▶ _What to produce_:
The result should be a word-for-word retyping of the entries below, free of pictures.

▶ _Data_:
----

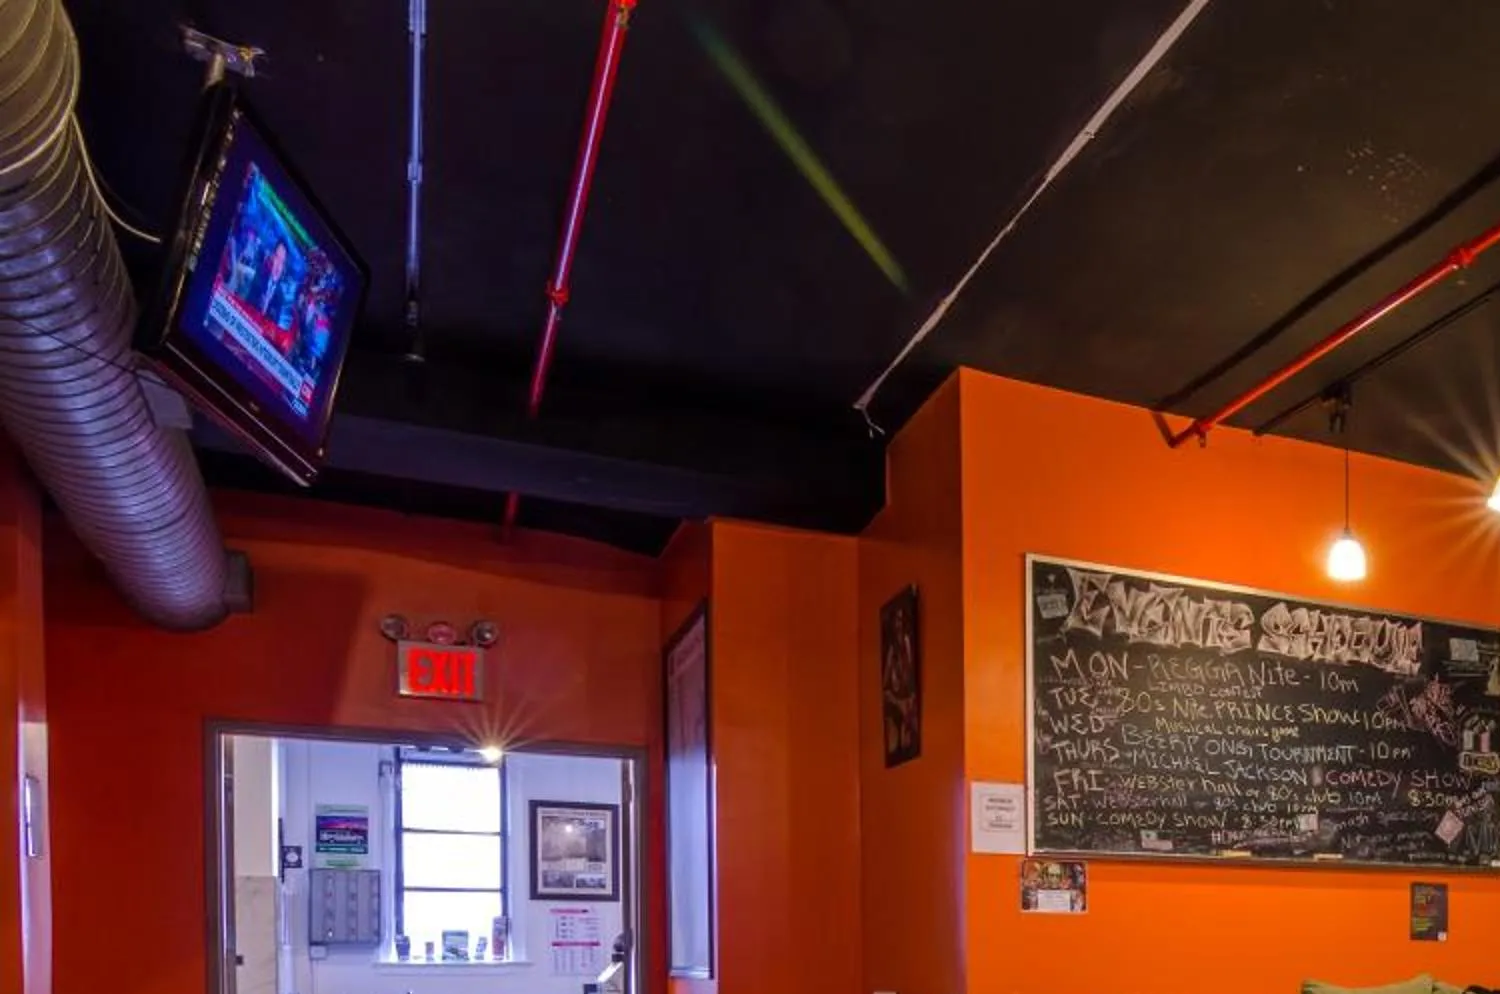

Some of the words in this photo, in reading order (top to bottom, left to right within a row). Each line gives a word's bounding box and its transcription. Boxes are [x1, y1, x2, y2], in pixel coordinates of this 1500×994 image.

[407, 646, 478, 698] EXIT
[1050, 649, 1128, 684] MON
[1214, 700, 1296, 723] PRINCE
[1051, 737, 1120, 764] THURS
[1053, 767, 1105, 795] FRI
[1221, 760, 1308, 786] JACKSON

----

▶ _Problem solution_:
Some of the words in this photo, in reading order (top to bottom, left to right within a row). Each line gives a word's bounding box and its transcription. Boxes are [x1, y1, x2, y2], in pixel coordinates of this 1500×994 image.

[407, 646, 478, 698] EXIT
[1050, 649, 1128, 684] MON
[1214, 700, 1296, 723] PRINCE
[1051, 737, 1120, 764] THURS
[1053, 767, 1105, 795] FRI
[1221, 760, 1308, 786] JACKSON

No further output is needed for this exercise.